One of my marketing professors from grad school keeps track of me through this blog. Yesterday, he wrote to me with some suggestions he thought I should pass along to you.
- Keep Your Database Current. Add names that could be potential clients or referral sources delete those that you may know would never convert.
- Integrated Drip Marketing Works. Keep consistently "touching" your clients and prospects through a variety of media -- social media, email, direct mail and in-person.
To illustrate, my professor writes:
I had a good example of someone I've had on my file for our newsletter and missives for a couple years, a very high prospect for me. We had a meeting a couple years ago about managing some business together. Despite the fact that our meetings were all good ones, they bore no fruit.
Just last week I had a reason to contact her on another matter and also suggested we should revisit the previous one, as I thought good synergies would result. She called me back almost immediately, practically apologized for being so "absent" and virtually gushed about how nice it was to see me and read our newsletter. Then we set up another meeting to talk about ways to get down to doing business together.
Lessons from this experience (I told you he's a professor)
- Without other "touches", I could have been forgotten, lost in the shuffle of her daily work.

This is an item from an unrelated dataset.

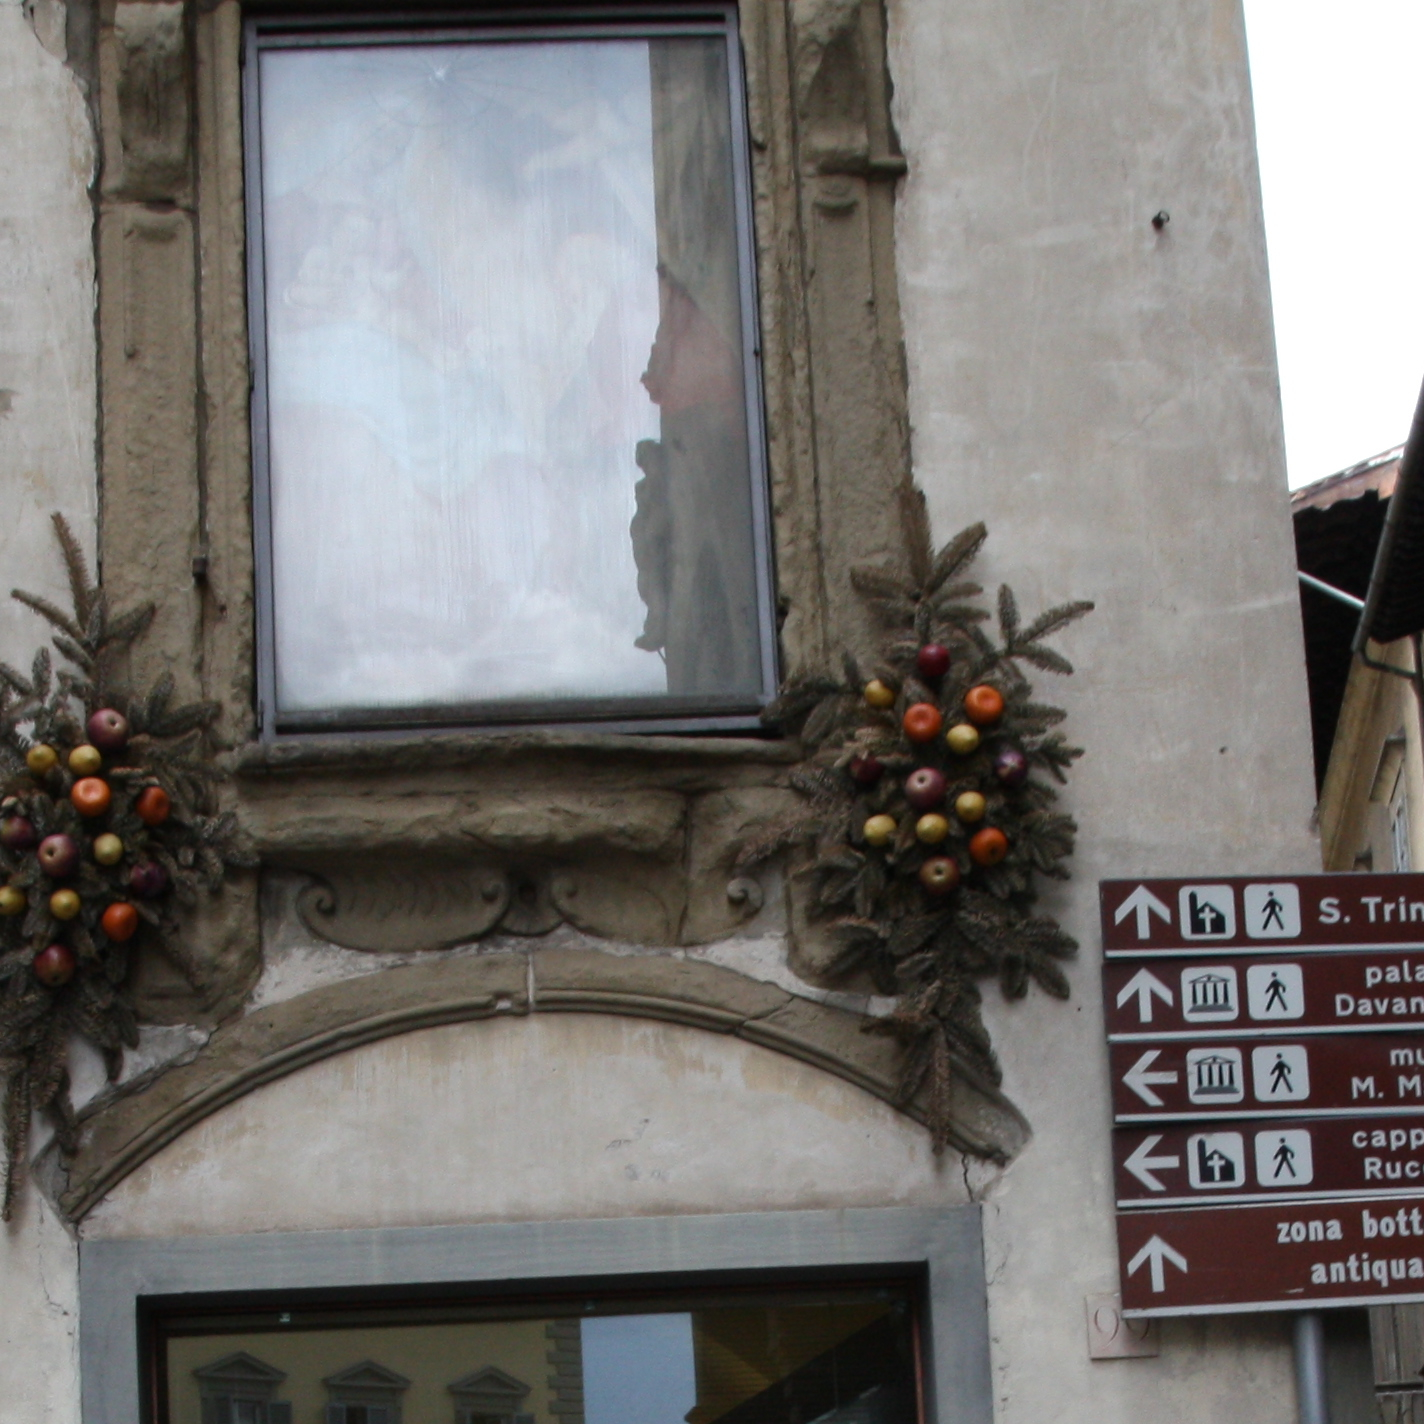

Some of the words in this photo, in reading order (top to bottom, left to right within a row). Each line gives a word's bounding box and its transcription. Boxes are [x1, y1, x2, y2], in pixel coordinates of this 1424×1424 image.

- Without other "touches", she never would have responded so quickly or with such enthusiasm.
- Without other "touches", she probably would have forgotten what I even looked like. She still felt close to me because my photo is always there.
- And I doubt she would have had the same reaction had all my messages been emailed.
So, some of the best tips from a grad school marketing professor:
- Keep your database current.
- Drip marketing works!
- Mix it up -- don't realy entirely on one medium. Email is great, but it's seldom enough. Add in targeted direct mail, mix in some social media, and remember to pick up the phone and CALL -- especially top prospects among your allied professionals.